To protect against human respiratory syncytial virus (hRSV)-induced bronchiolitis in early infancy, vaccines need to be designed which are effective in the neonatal period. To test the safety and efficacy of adjuvants in neonatal mice, we injected hRSV surface proteins combined with immune-stimulating complexes (ISCOMs) prepared from fractions A, C or A + C of Quillaja saponins. All were well tolerated in adults, but A + C ISCOMS proved lethal in neonates; A or C fractions alone were well tolerated by neonates up to the adult dose. hRSV–ISCOM A induced antibody responses similar to combined fractions, and potent in vitro cytotoxic T cell responses.

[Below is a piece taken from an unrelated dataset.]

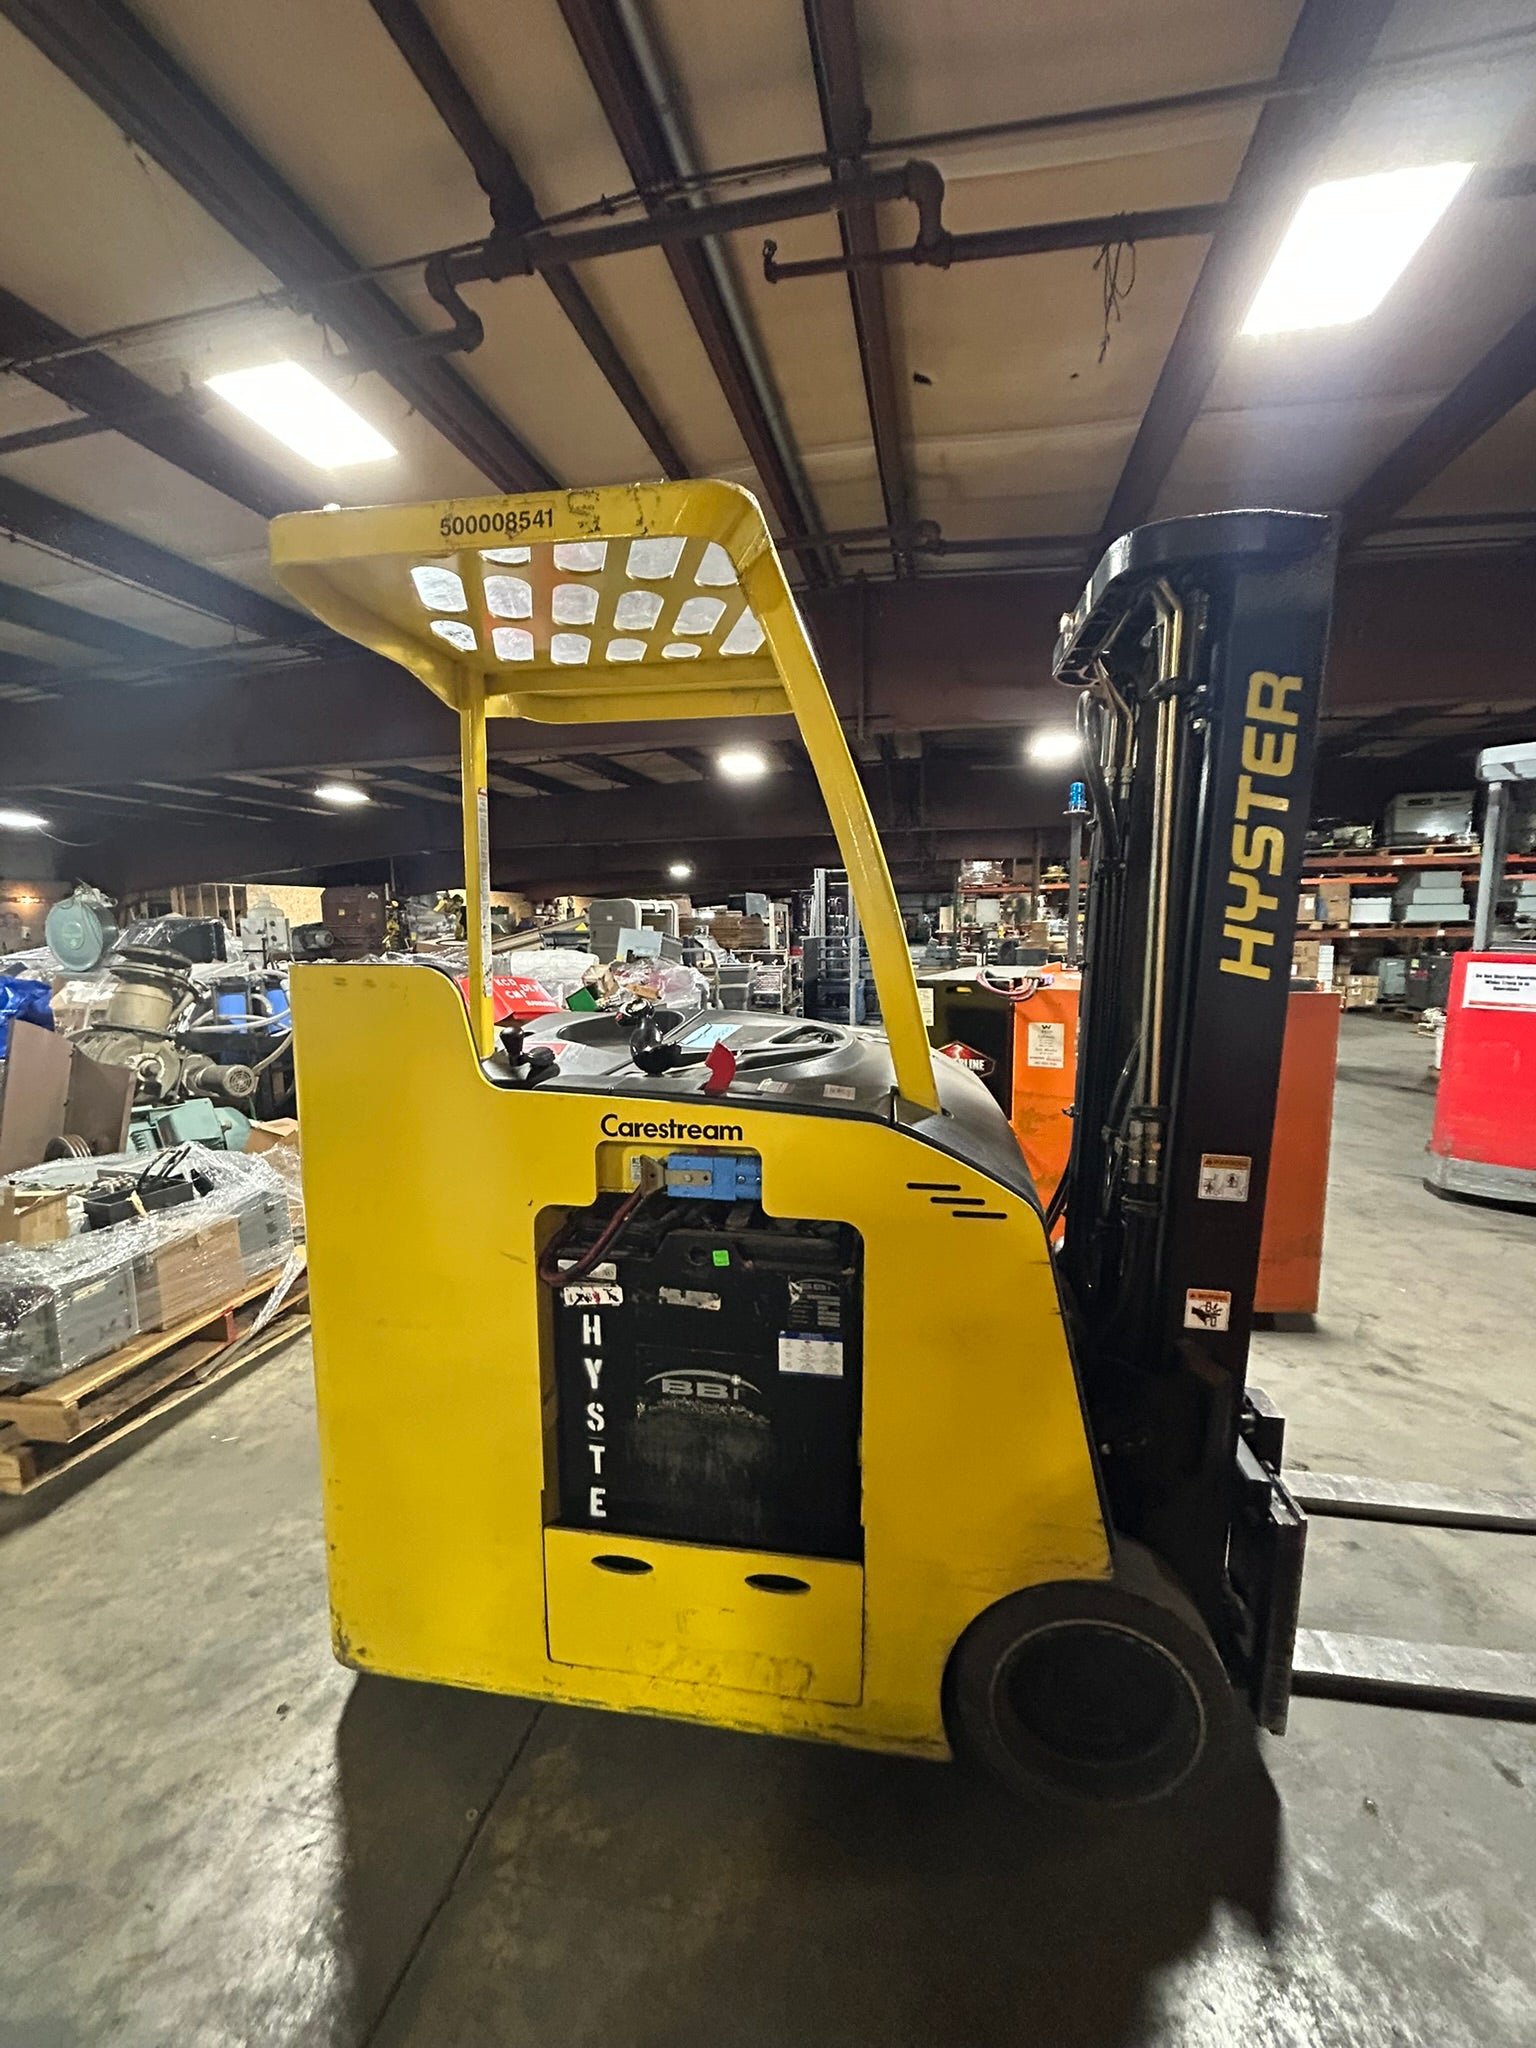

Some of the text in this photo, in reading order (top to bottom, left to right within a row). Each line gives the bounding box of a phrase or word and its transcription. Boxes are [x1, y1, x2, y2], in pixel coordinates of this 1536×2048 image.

[440, 508, 553, 537] 500008541
[1219, 670, 1303, 981] HYSTER
[600, 1113, 743, 1141] Carestream
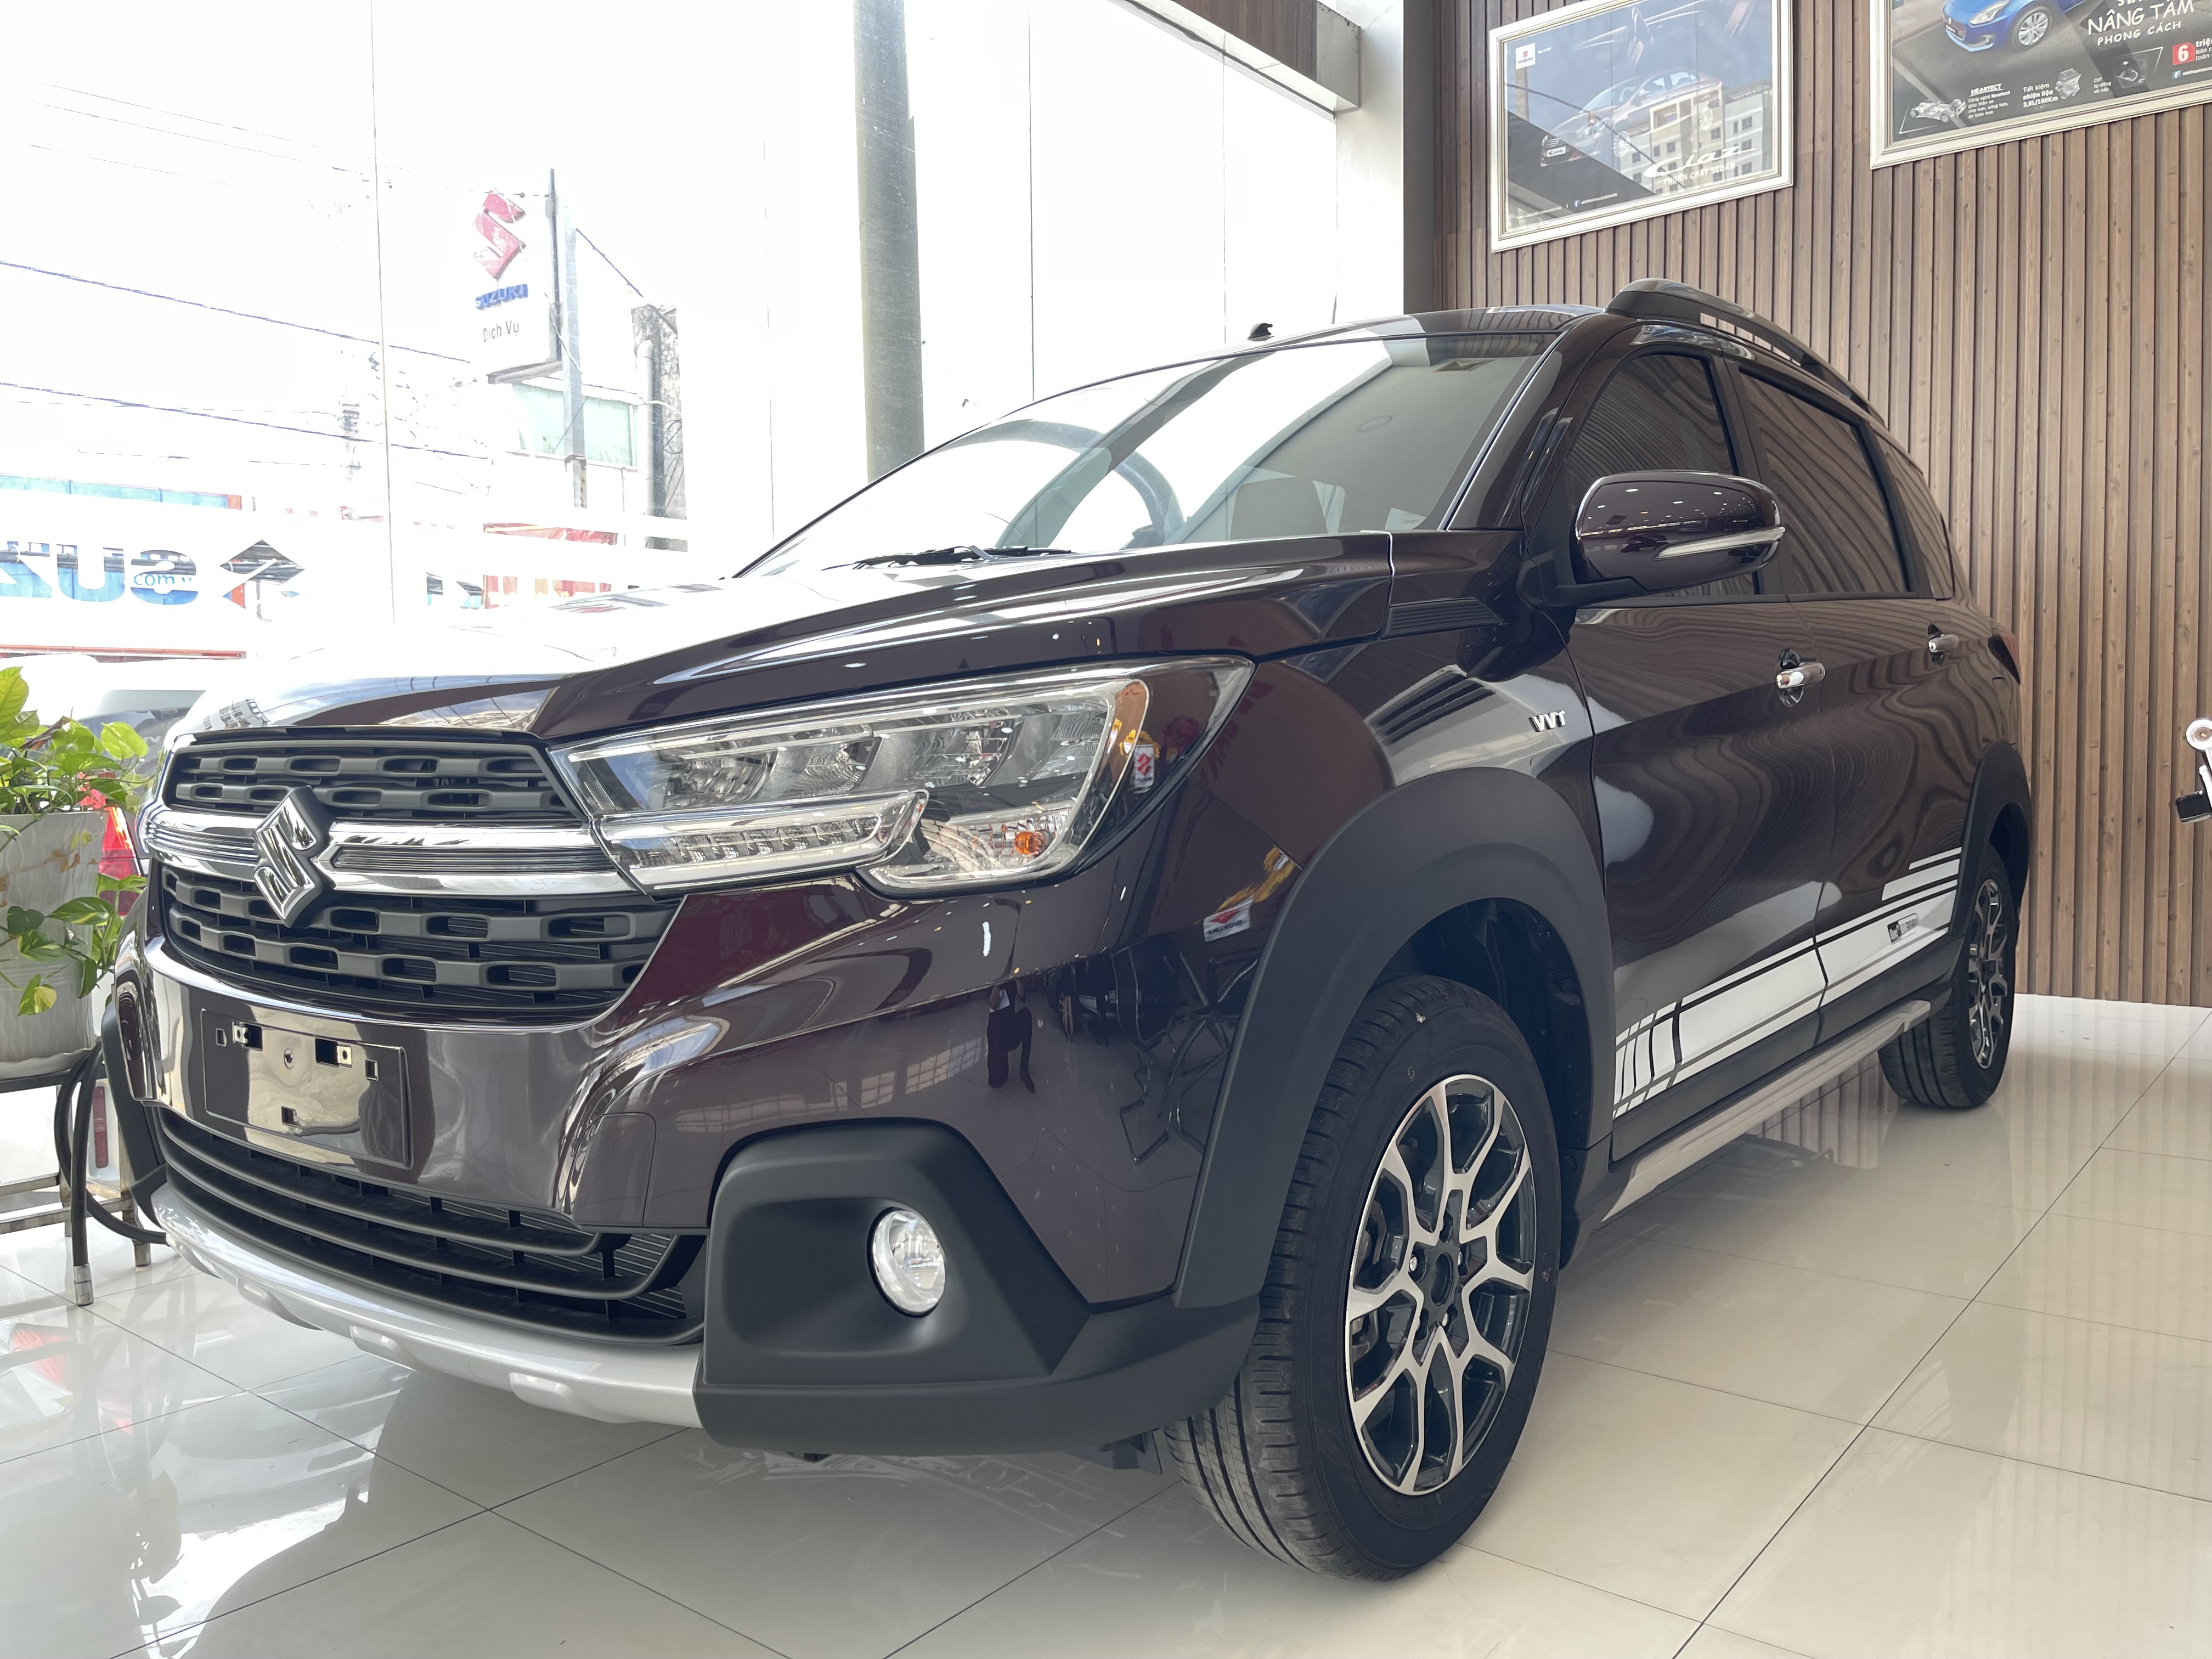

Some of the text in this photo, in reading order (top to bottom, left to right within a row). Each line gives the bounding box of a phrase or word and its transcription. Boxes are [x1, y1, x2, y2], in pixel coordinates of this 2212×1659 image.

Adult-like in vitro cytotoxicity against hRSV-infected targets and precursor cytotoxic T cell frequencies were observed within one week of neonatal priming and hRSV–ISCOM A-primed neonates showed virtually complete protection against subsequent viral challenge. hRSV challenge was associated with some pulmonary eosinophilia in both age groups, with higher IL-4 production by lung CD4 + T cells in mice primed as neonates. This was, however, accompanied by only minor (~10%) and transient illness and weight loss. Thus, the identification of hRSV antigen delivery systems with an age-appropriate adjuvanticity/reactogenicity balance may be feasible even in the vulnerable early-life period.